On Thu, 11 Aug 2016 10:09:27 -0300 Gustavo Sverzut Barbieri
<[email protected]> said:

> On Thu, Aug 11, 2016 at 4:17 AM, Carsten Haitzler <[email protected]>
> wrote:
> >>  * Eo.Base change to Eo.Loop_User
> >>  * data event: payload: conn (?), size, data. Remove conn, since the
> >> event callback provides it.
> >
> > shouldn't we use.... binbufs? :) same discussion as for efl.net core. :)
> 
> could be, as you can see in the rest of the email and further
> discussions such as the efl_io interfaces, they should indeed look as
> close as possible, in that sense the event would carry no data, it
> would be delivered via a Ef.Io.Reader.read() interface method.

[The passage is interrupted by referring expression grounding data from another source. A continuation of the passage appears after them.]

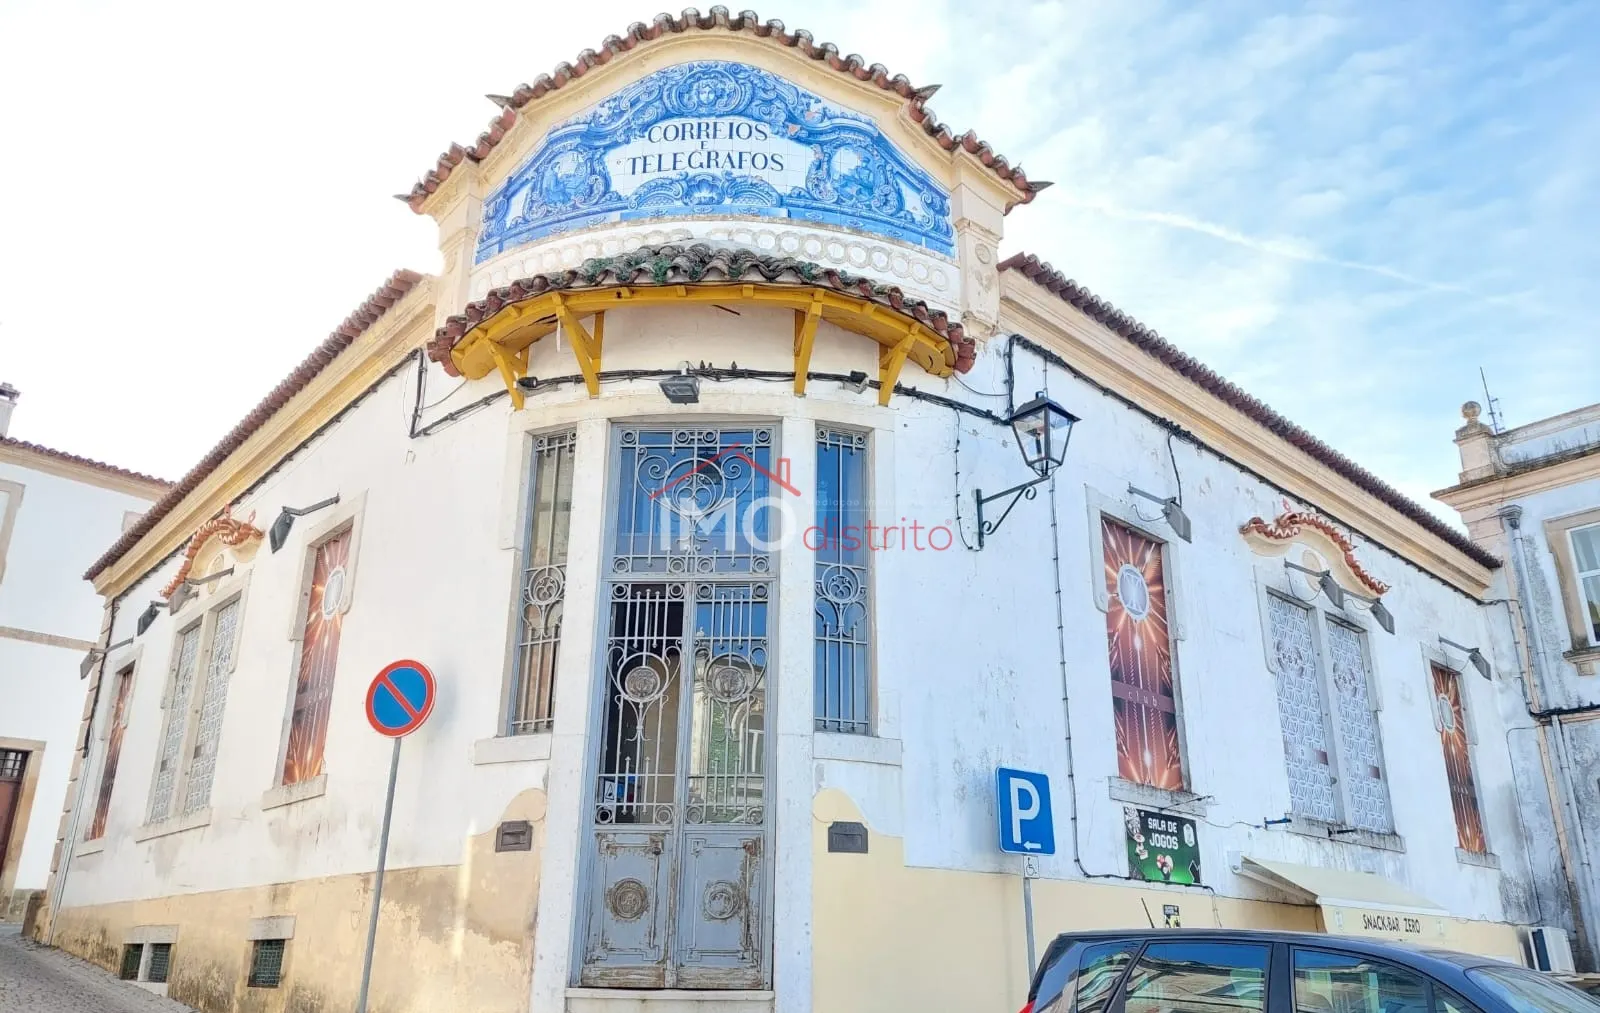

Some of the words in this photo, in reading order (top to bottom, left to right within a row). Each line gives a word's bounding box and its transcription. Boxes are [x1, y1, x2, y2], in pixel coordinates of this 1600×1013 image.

[648, 121, 768, 144] CORREIOS
[700, 140, 709, 150] E
[627, 150, 785, 176] TELEGRAFOS
[1128, 690, 1158, 707] club
[1009, 777, 1041, 844] P
[1147, 817, 1166, 831] SALA
[1167, 821, 1178, 833] DE
[1149, 832, 1179, 850] JOGOS
[1404, 917, 1421, 934] ZERO
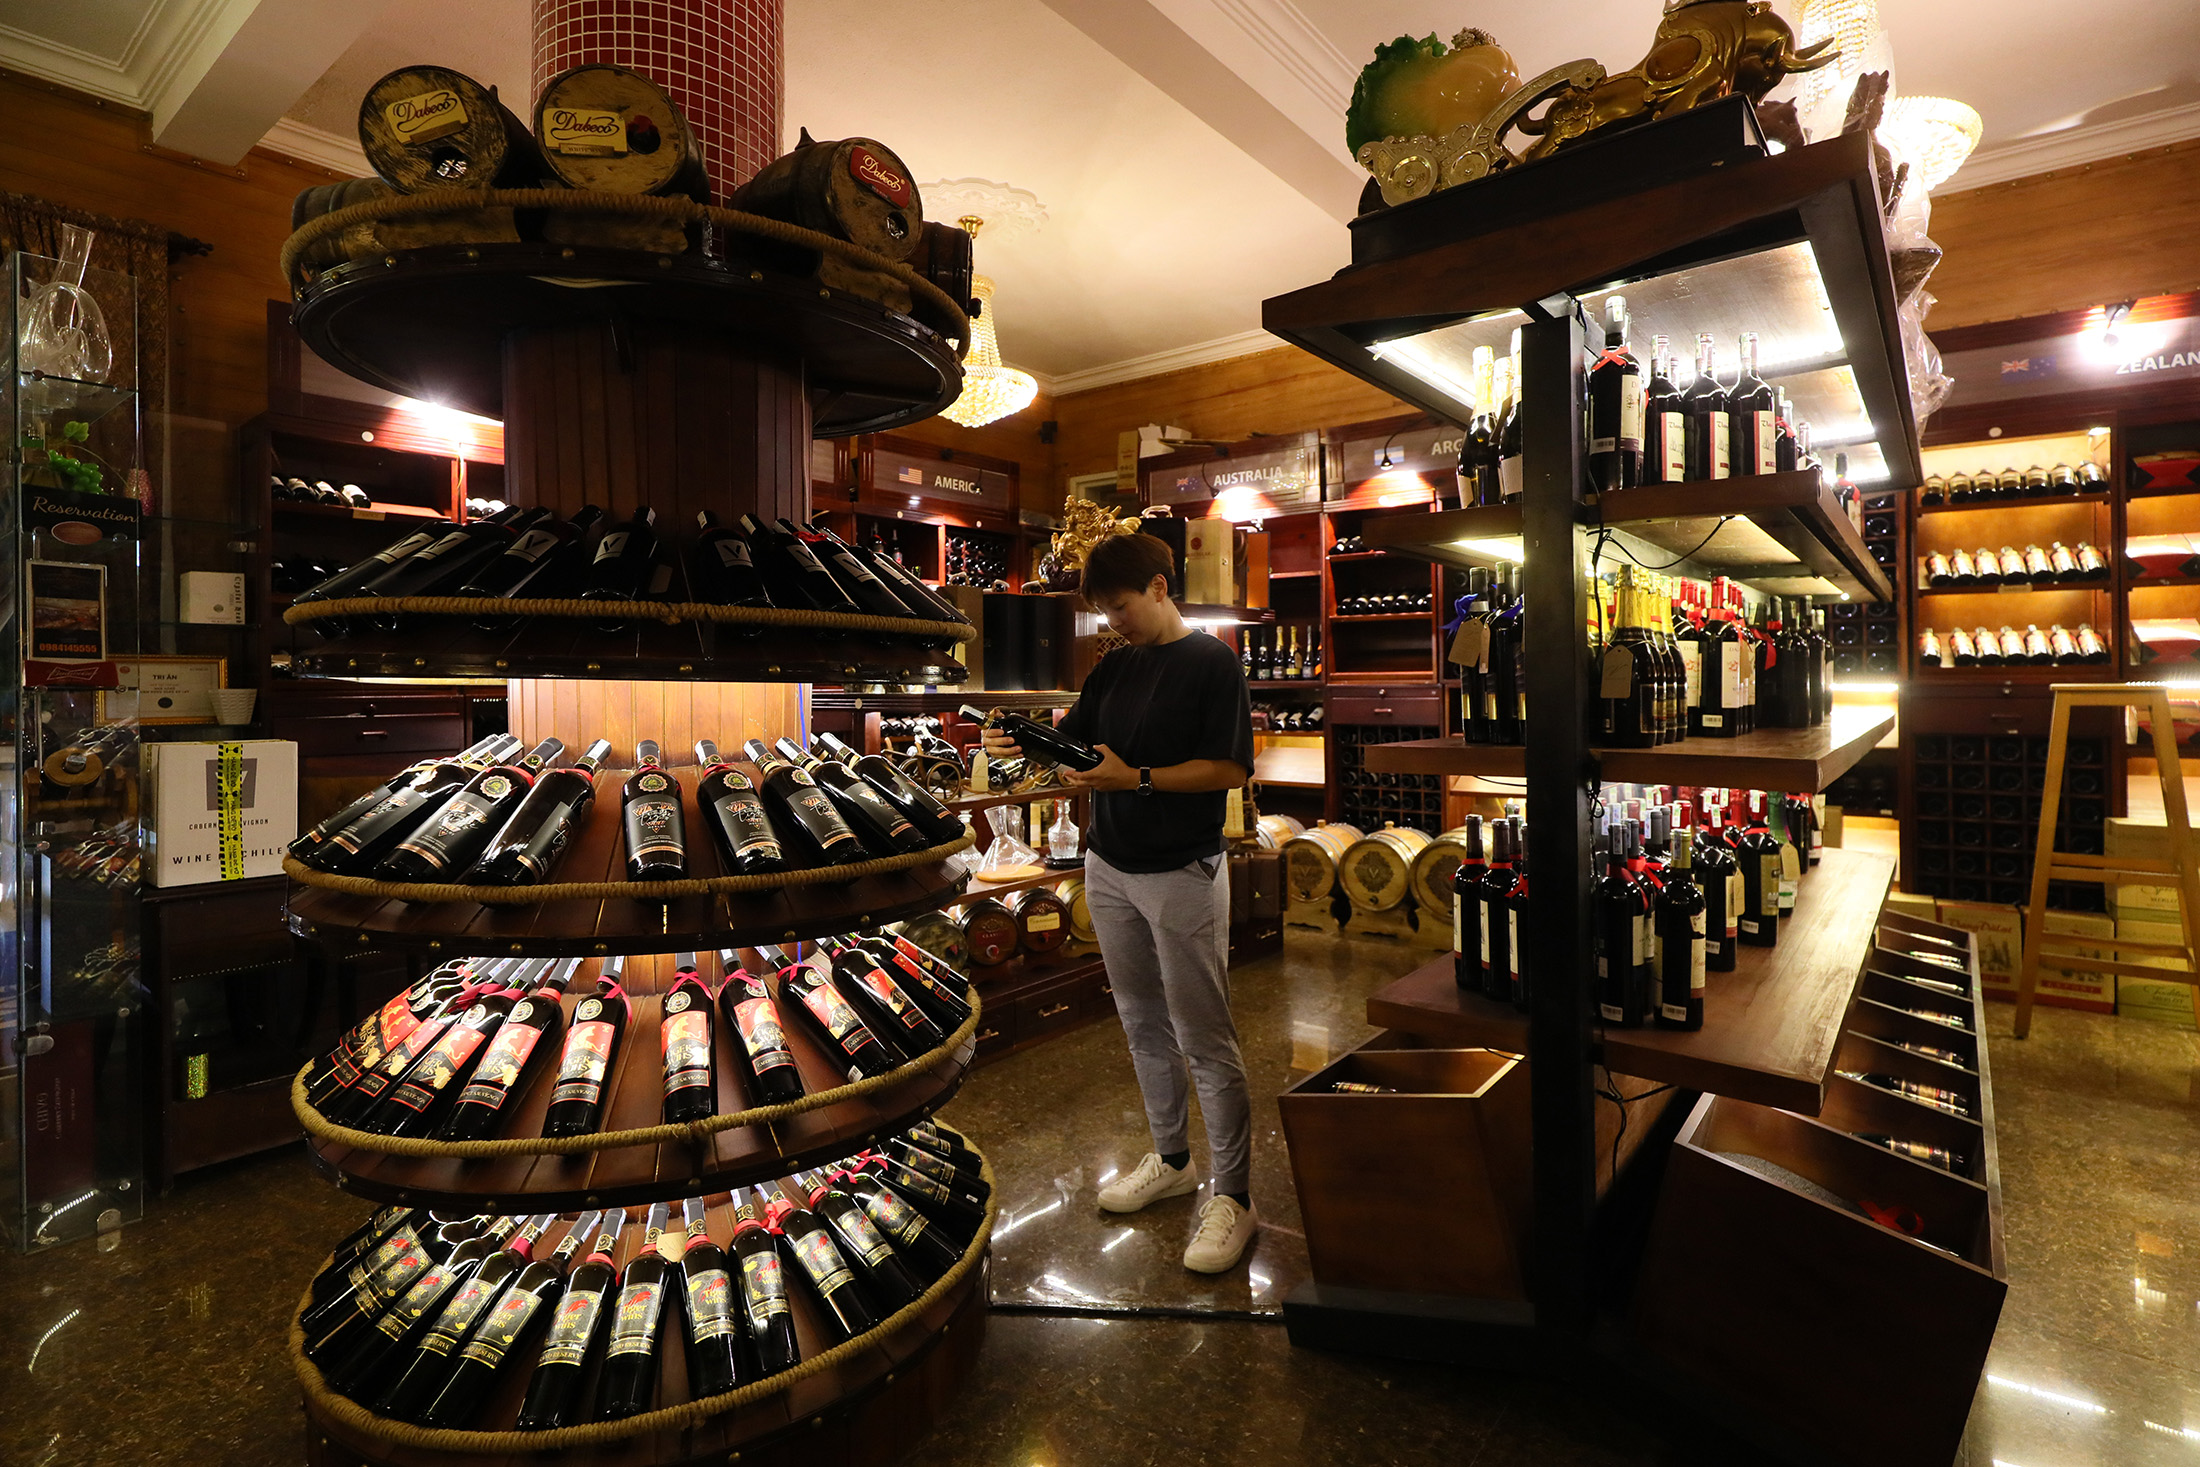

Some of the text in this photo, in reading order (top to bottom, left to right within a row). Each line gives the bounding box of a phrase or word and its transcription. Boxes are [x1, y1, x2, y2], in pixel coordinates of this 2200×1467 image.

[393, 92, 457, 131] Dabeco
[552, 111, 620, 138] Dabeco
[860, 155, 902, 192] Dabeco
[934, 475, 982, 495] AMERIC
[1213, 466, 1283, 487] AUSTRALIA
[32, 496, 138, 523] Reservation
[173, 853, 212, 865] WINE

ok. going ot have to deal with io.reader over there in that mail thread. but we
agree that efl/net/url should "inherit" the elf.net (socket/core/whatever)
interface and re-use it as much as possible with extensions. cool. thats an
important point.

> >>  * complete event: payload: conn (?), code (200, 404...). Remove conn,
> >> since the event callback provides it.
> >
> > it's an int.. might it not be best to map this to an enum? the code?
> 
> it depends. You can see later that currently it is mapped to CURL
> directly, it's not HTTP specific, thus if you use IMAP or POP you may
> get different numbers and we'd need to map them all.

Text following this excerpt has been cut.